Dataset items
-=-=-=-=-

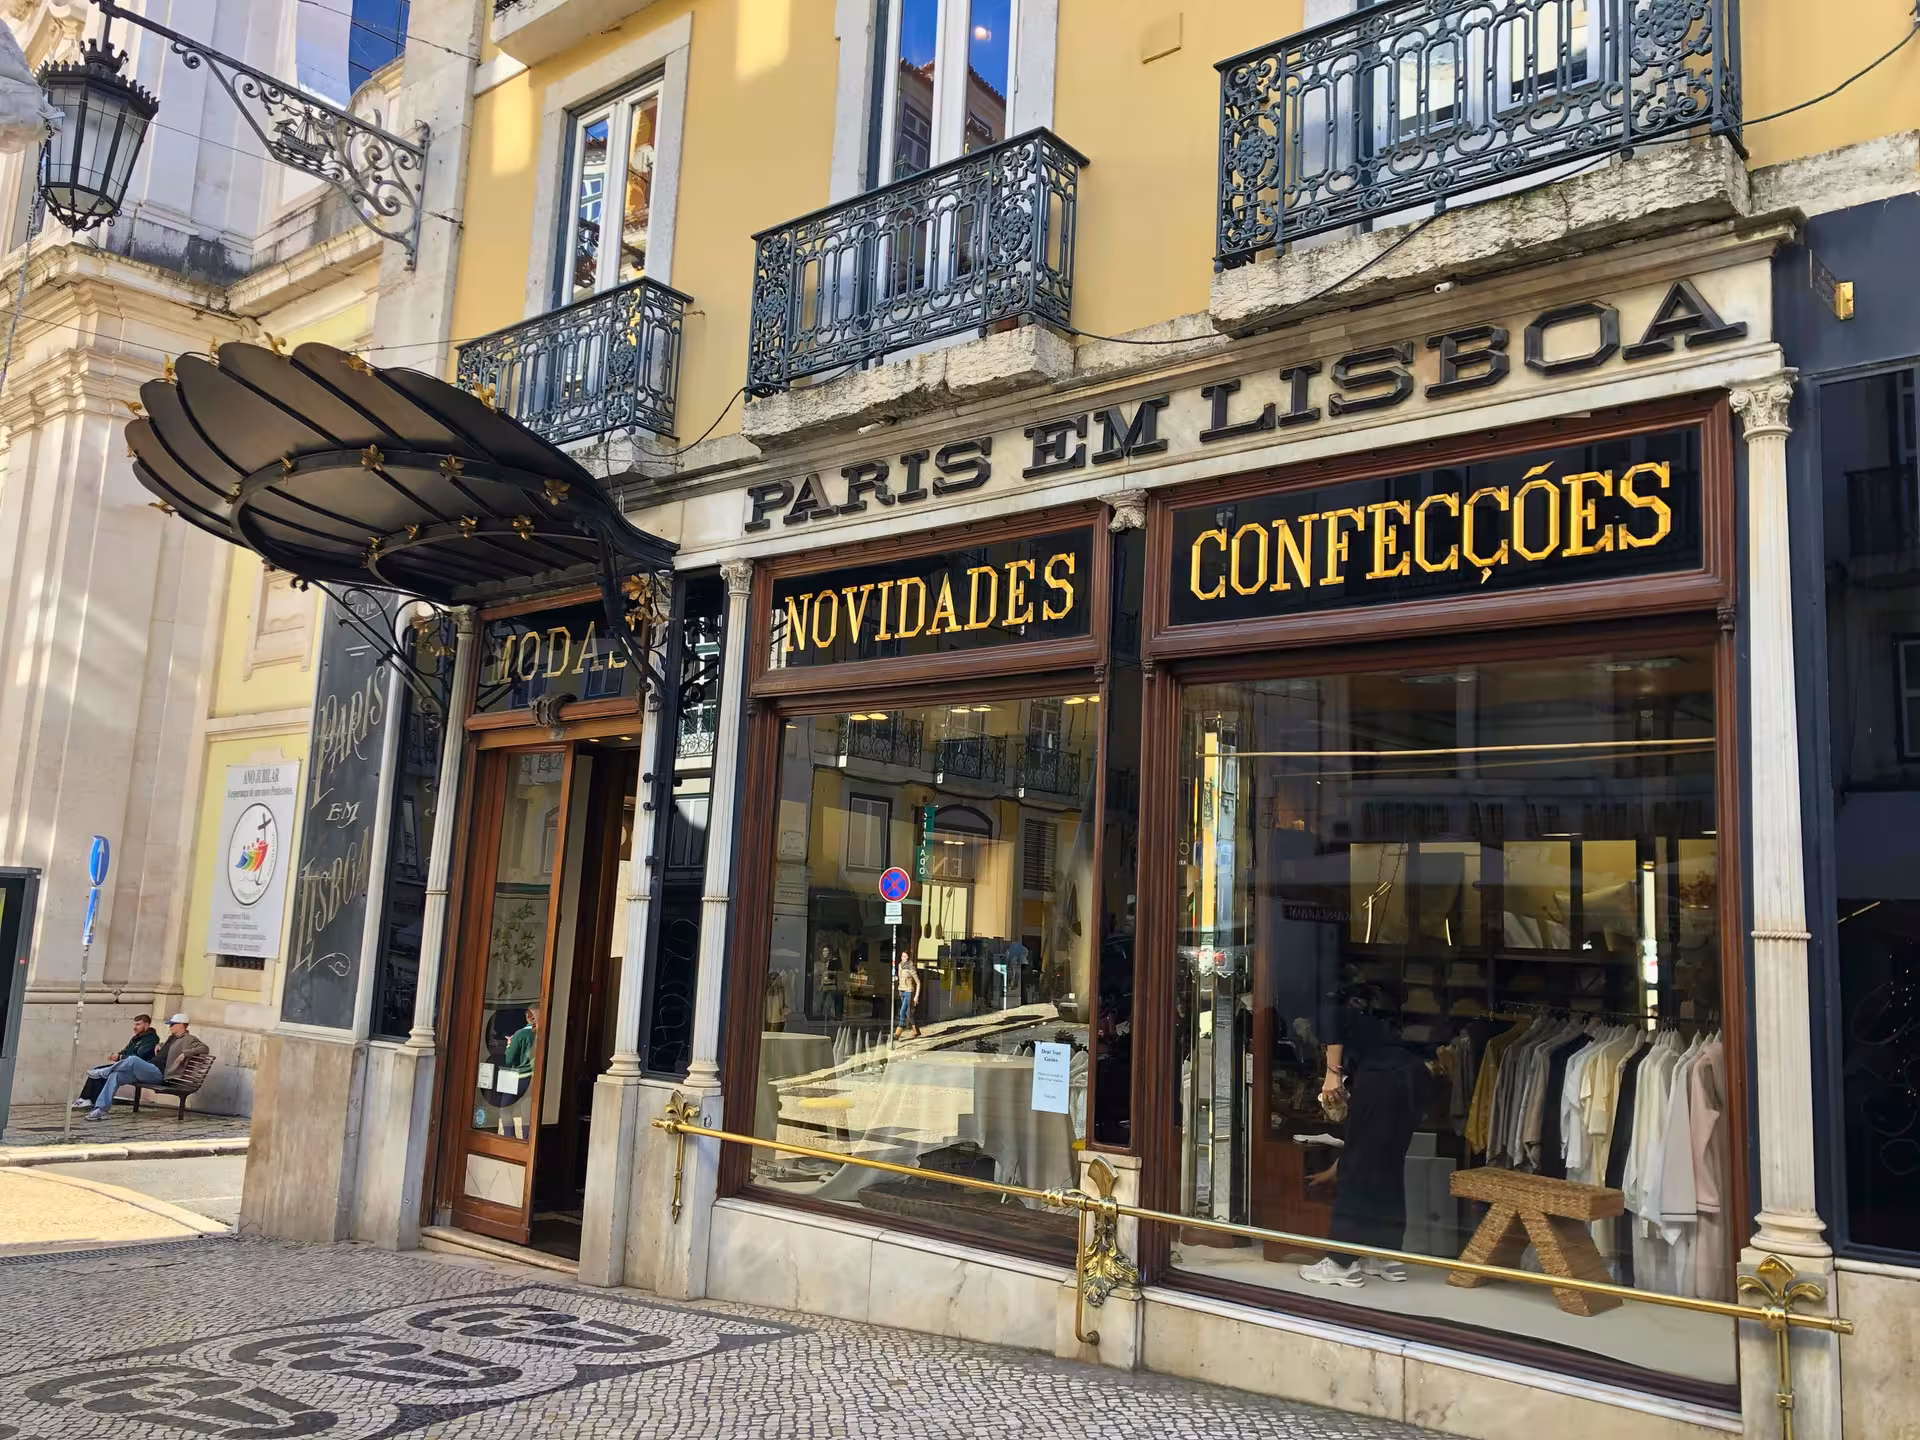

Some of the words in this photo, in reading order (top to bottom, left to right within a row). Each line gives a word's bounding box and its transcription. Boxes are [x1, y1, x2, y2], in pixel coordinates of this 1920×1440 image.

[744, 436, 993, 533] PARIS
[1022, 395, 1170, 479] EM
[1199, 279, 1749, 443] LISBOA
[784, 552, 1076, 653] NOVIDADES
[310, 666, 386, 810] PARIS
[326, 802, 361, 828] EM
[291, 826, 369, 973] LISBOA

-=-=-=-=-

### EXERCISE AIM
All entries are to be duplicated exactly, with the pictures left out.

### EXERCISE ANSWER
Some of the words in this photo, in reading order (top to bottom, left to right within a row). Each line gives a word's bounding box and its transcription. Boxes are [x1, y1, x2, y2], in pixel coordinates of this 1920×1440 image.

[744, 436, 993, 533] PARIS
[1022, 395, 1170, 479] EM
[1199, 279, 1749, 443] LISBOA
[784, 552, 1076, 653] NOVIDADES
[310, 666, 386, 810] PARIS
[326, 802, 361, 828] EM
[291, 826, 369, 973] LISBOA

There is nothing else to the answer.